Tom Ross: A lion in winter |

Tom Ross: A lion in winter

Cougar alarms telemark skier on Sitz

Tom Ross

If I get my wish this Christmas, Santa will leave a pair of climbing skins for my telemark skis under the tree. However, I’ve already promised Mrs. Claus that I won’t play with mountain lions when I go out skinning.

In fact, after listening to a Steamboat skier describe his pulse-pounding encounter with a cougar last week, I might just limit my skinning trips to daylight on Emerald Mountain.

The skier, who asked that his name be withheld from this column, told me he suddenly came upon a mountain lion after dark Dec. 10 at the top of Christie Peak. The big cat was clearly watching him.

“He was just to the left of the (ski race) start shack,” the longtime Steamboat Springs resident said. “What made the difference for me was that I was wearing a headlamp.”

The intense beam of the headlamp picked out the greenish glow of the cat’s eyes in the darkness.

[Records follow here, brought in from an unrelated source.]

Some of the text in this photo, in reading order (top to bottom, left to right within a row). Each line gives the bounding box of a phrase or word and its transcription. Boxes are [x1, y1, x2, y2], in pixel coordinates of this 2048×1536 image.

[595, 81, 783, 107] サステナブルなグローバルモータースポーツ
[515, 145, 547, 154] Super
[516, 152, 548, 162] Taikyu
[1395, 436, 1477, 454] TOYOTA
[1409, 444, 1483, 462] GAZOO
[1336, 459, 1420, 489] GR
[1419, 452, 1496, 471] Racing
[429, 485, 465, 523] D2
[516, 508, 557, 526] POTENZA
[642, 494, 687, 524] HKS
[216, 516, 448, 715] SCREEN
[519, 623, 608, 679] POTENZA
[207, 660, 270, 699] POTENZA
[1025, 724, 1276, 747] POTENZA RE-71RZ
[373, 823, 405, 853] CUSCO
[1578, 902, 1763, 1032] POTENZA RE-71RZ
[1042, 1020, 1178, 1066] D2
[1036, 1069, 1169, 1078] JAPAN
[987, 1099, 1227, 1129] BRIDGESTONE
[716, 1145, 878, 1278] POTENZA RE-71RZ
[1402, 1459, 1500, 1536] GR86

“If I hadn’t had my headlamp on, I might have bulled right into him,” he said. “I was heading right to where he was to take my skins off. I could just see his eyes above a ridge about 25 feet away. If that lion had wanted me, he would have got me.”

The skier had tied his jacket, with gloves and hat inside, around his waist for the sweaty climb up the mountain. His heel lifts were in climbing position, and his boots were unbuckled.

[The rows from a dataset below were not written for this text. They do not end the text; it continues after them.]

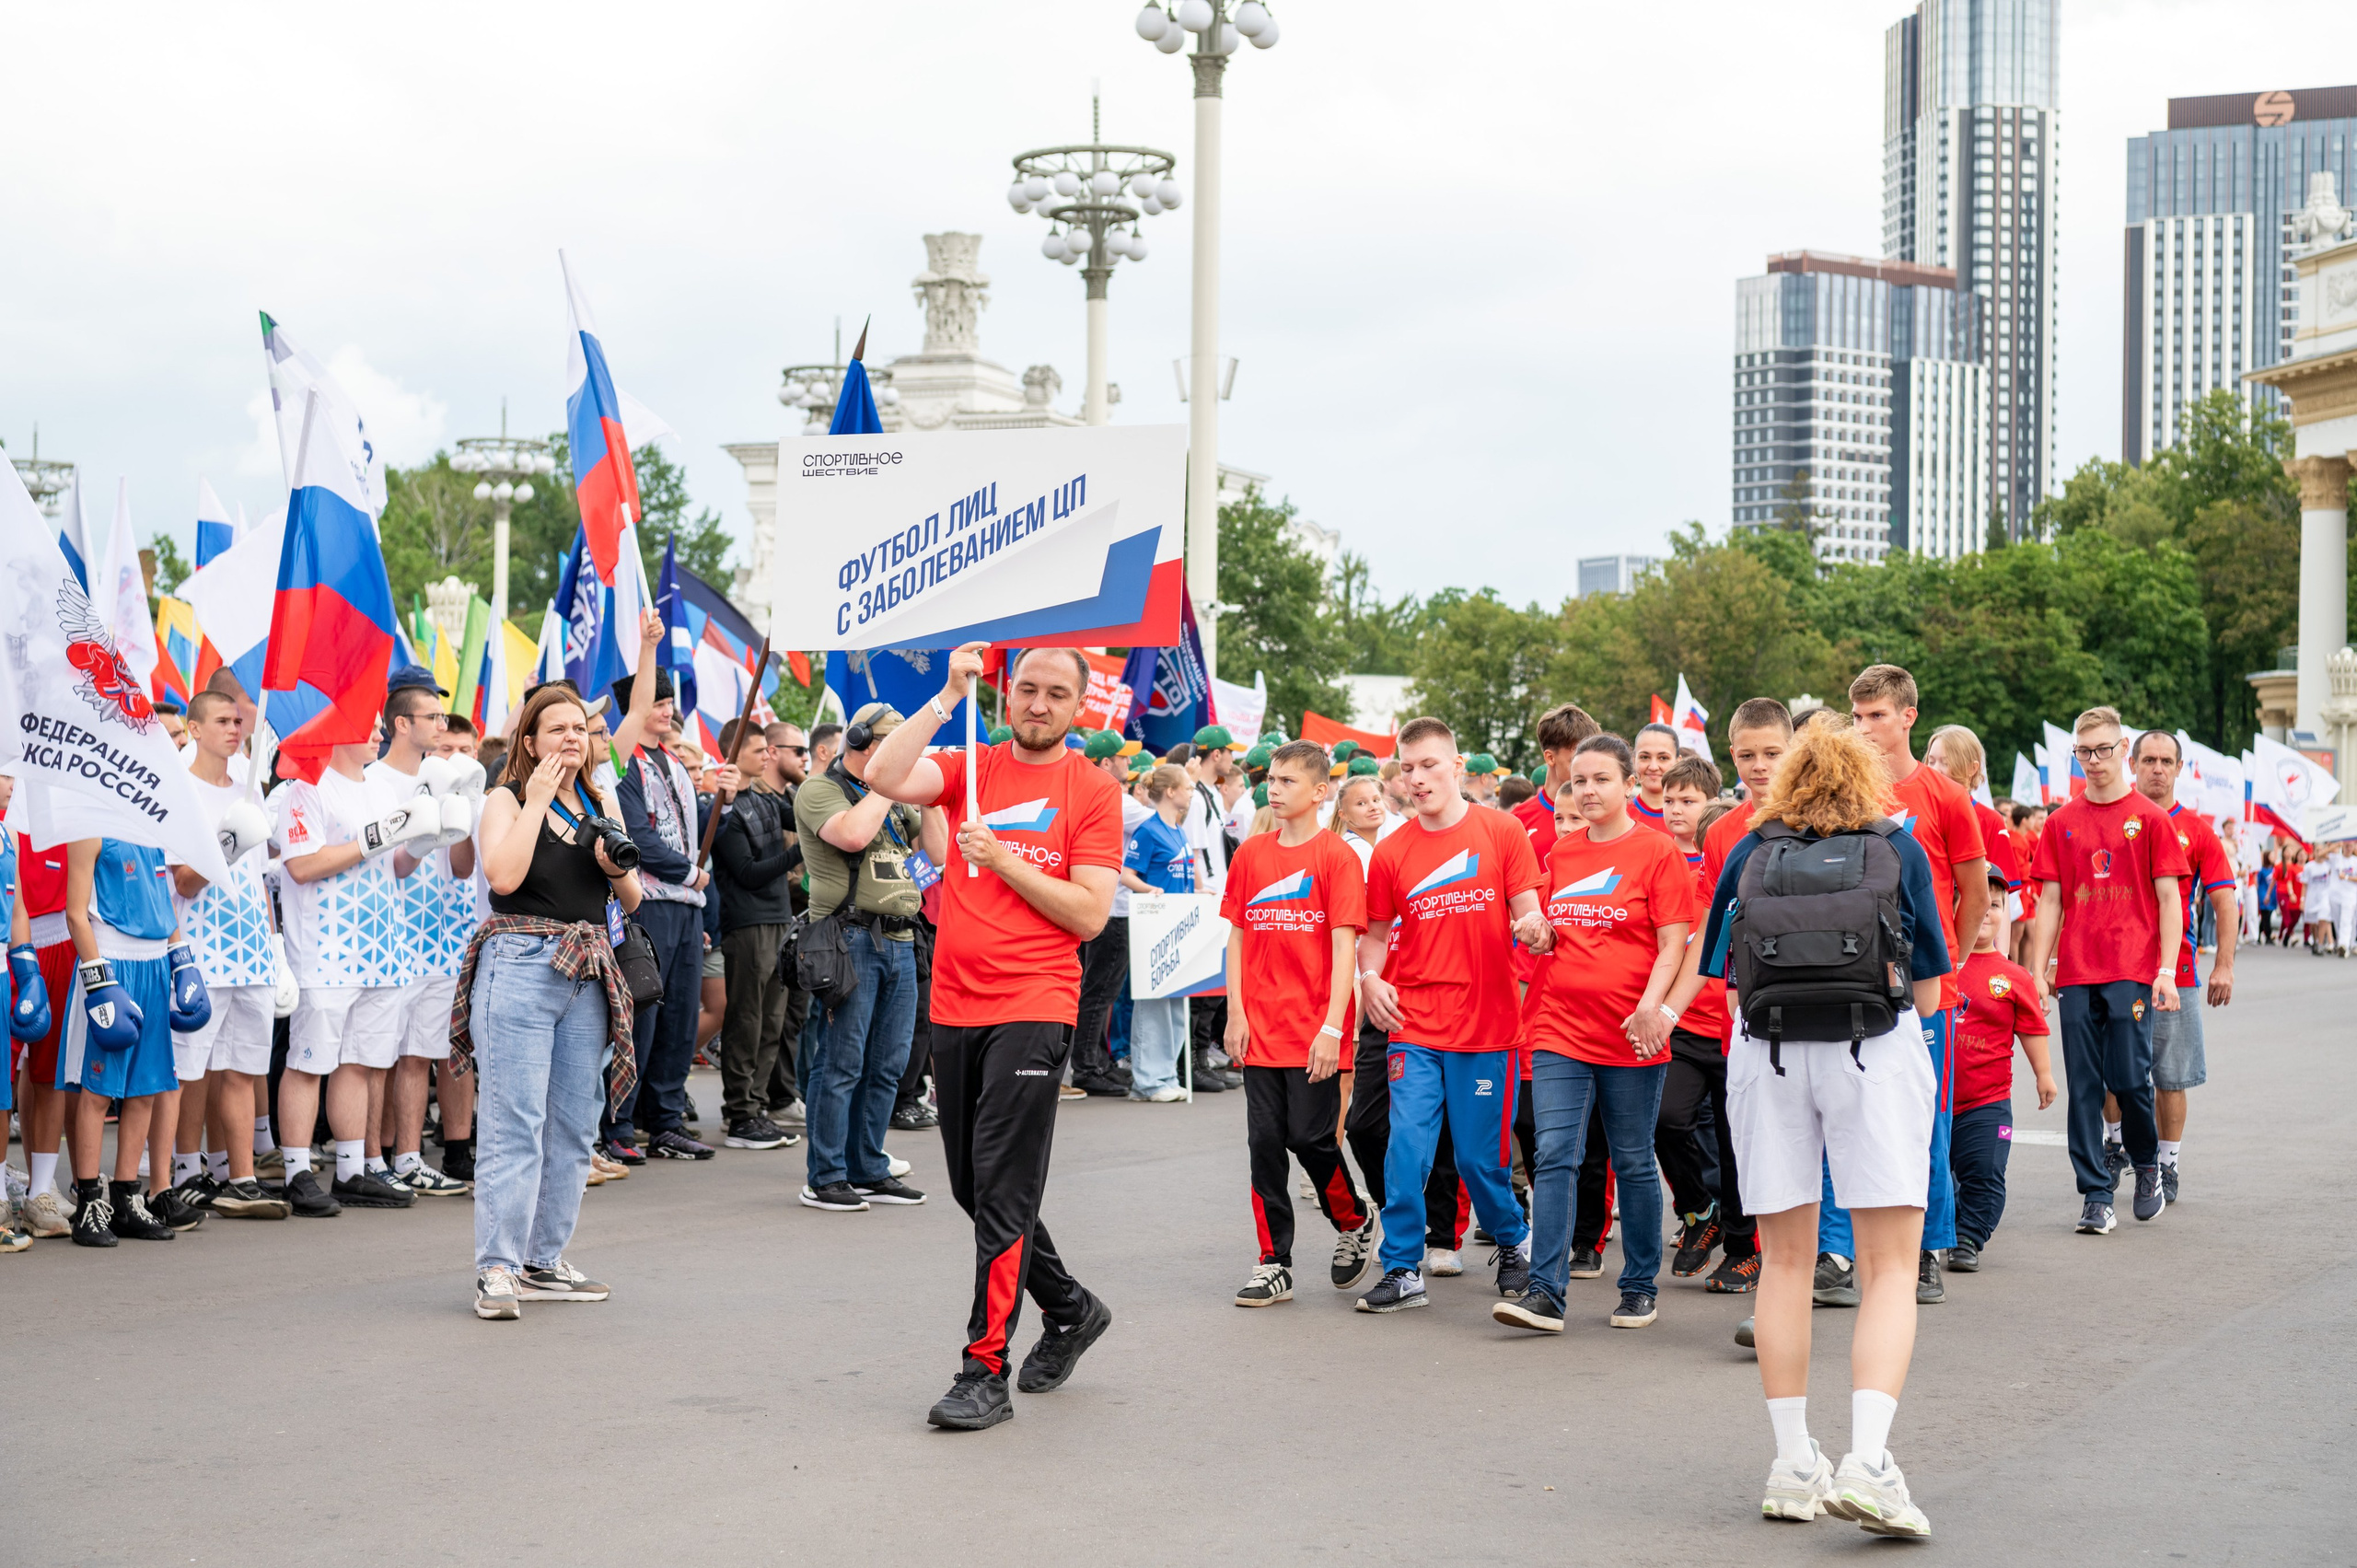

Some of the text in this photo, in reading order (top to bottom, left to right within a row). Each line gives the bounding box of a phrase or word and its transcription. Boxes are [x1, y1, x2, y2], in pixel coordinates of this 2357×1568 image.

[802, 468, 878, 477] ШЕСТВИЕ
[837, 473, 1086, 635] С ЗАБОЛЕВАНИЕМ ЦП
[838, 481, 997, 592] ФУТБОЛ ЛИЦ
[1182, 621, 1207, 694] ФЕДЕРАЦИЯ
[20, 712, 161, 790] ФЕДЕРАЦИЯ
[22, 741, 168, 823] КСА РОССИИ
[2091, 886, 2133, 895] BONUM
[1150, 904, 1200, 969] СПОРТИВНАЯ
[1253, 923, 1315, 932] ШЕСТВИЕ
[1151, 947, 1180, 992] БОРЬБА

When he saw the lion, he began yelling. Unwilling to bend over to remove his skins, he lifted his skis in front of him and reached for the buckles while keeping an eye on the lion.

After hastily removing his skins, he clutched his gear to his chest and with his boots still unbuckled, fled down the Sitz trail doing his best to stay on his skis.

The lion did not immediately give pursuit. But when the man glanced over his shoulder, he saw the cat trot down the trail in his direction before veering into the trees.

For the uninitiated, skinning is a rapidly growing form of skiing that is particularly popular at Breckenridge. Groups of skiers head up the mountain with the aid of climbing skins that provide enough friction to climb moderate slopes. It’s a way to earn one’s turns, get some healthy exercise and poach a few powder turns. All of this takes place either before the ski lifts open in the morning or after they close for the night.

The skier in this incident faults himself for making some bad decisions.

He originally was part of a group of skiers, but when they arrived at the mountain, he discovered he’d left his climbing skins at home. All’s fair in love and powder, so the others climbed to Thunderhead without him. The solo skier retrieved his skins and set out for a lower summit, the top of Christie.

“We know the lions are there, and I was all by myself,” he said. “I won’t do that again. If I do, and a lion gets me, I’ll deserve it.”

Division of Wildlife Area Wildlife Manager Jim Haskins confirmed that his office looked into the incident.

“The lions typically don’t want anything to do with people, particularly if there is prey in the vicinity,” Haskins said. “Lions are perfectly capable of working on elk.”

Haskins added that he also had received a report of ski area crews observing a lion while they made snow on nearby Vagabond.

District Wildlife Manager Danielle Domson visited the area with ski area personnel and found what appeared to be lion tracks. Domson was unable to locate any evidence that the lion had made recent kills.

When he had time to reflect, the skier was philosophical about his close encounter.

“I’m indebted to the lion for just toying with me,” he said. “We need lions, and we need bears. I love that they’re here, and I love that we live with them. I think they become dangerous when they become accustomed to people.”

He added that he believes it would be a good thing if there were a way to put some fear back into the heart of this particular lion.

Steamboat Ski Area spokesman Mike Lane said the resort is offering free uphill access permits at its information center at the base of the gondola. It’s an opportunity to educate the public about what they can expect to encounter on Mount Werner at night.

Haskins said he has no plans to attempt to remove the animal. However, he has asked ski area personnel to alert his office to any additional lion encounters.


I’ll be dreaming of a lion-free Christmas. Just like the ones we used to know.